• [Exercise objective]: Could you transcribe every entry below exactly, leaving out the pictures?

Stored data entries:
┄┄┄┄┄┄┄┄┄┄
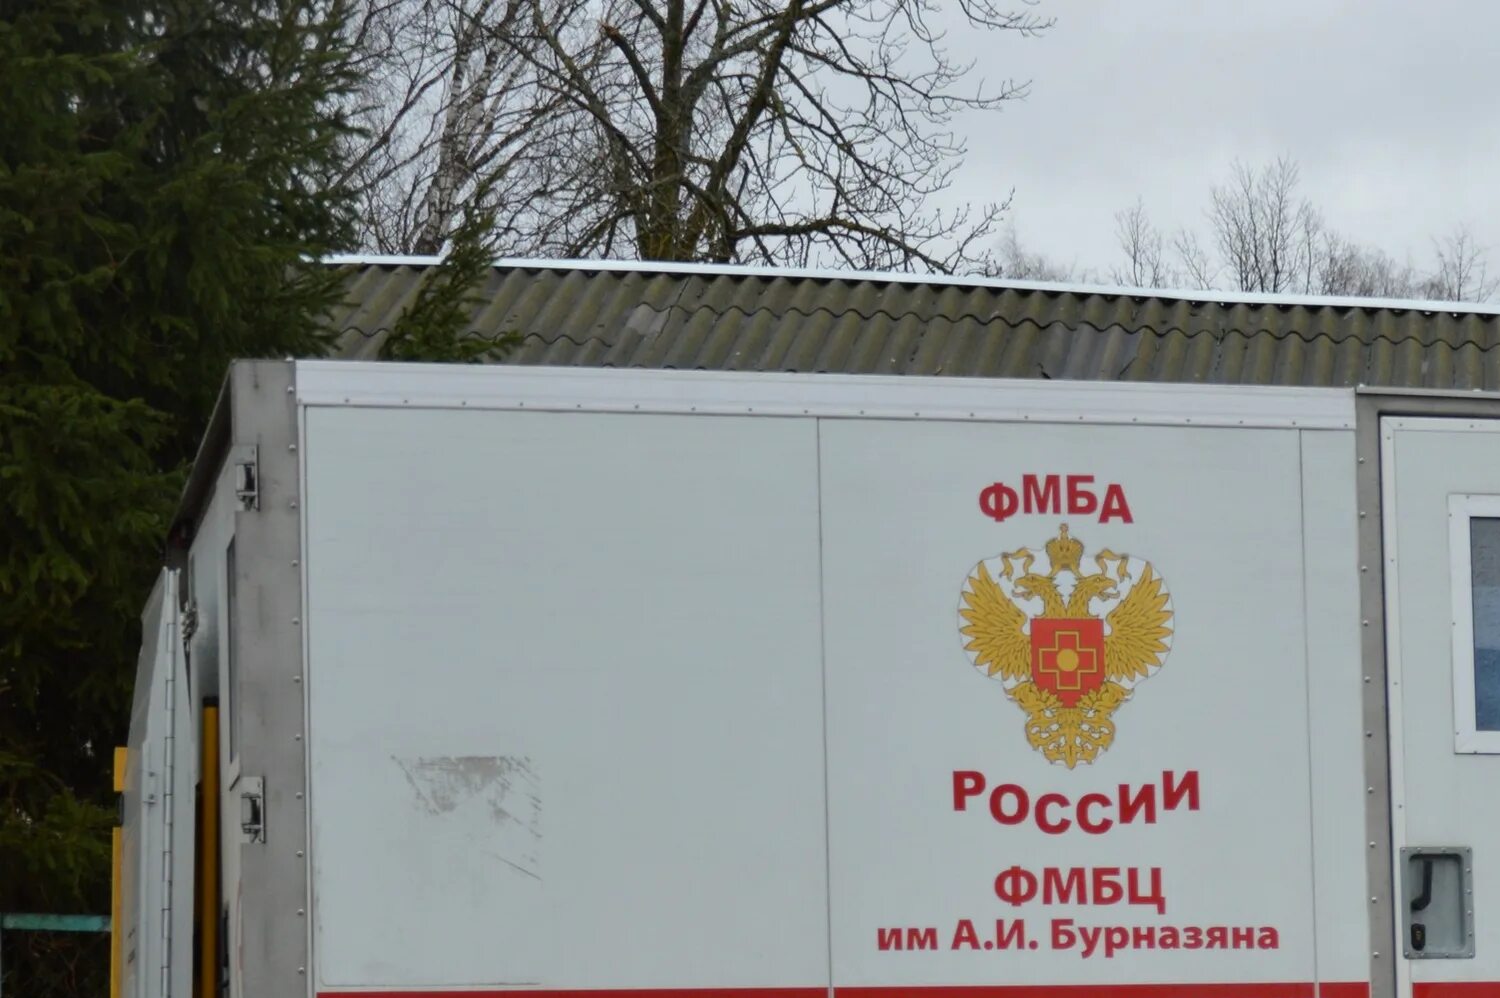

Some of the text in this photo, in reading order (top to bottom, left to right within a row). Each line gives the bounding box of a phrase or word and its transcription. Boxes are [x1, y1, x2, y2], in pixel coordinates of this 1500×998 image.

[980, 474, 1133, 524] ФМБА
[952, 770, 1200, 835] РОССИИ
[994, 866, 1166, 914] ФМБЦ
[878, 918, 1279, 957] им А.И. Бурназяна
┄┄┄┄┄┄┄┄┄┄
• [Result of the task]:
Some of the text in this photo, in reading order (top to bottom, left to right within a row). Each line gives the bounding box of a phrase or word and its transcription. Boxes are [x1, y1, x2, y2], in pixel coordinates of this 1500×998 image.

[980, 474, 1133, 524] ФМБА
[952, 770, 1200, 835] РОССИИ
[994, 866, 1166, 914] ФМБЦ
[878, 918, 1279, 957] им А.И. Бурназяна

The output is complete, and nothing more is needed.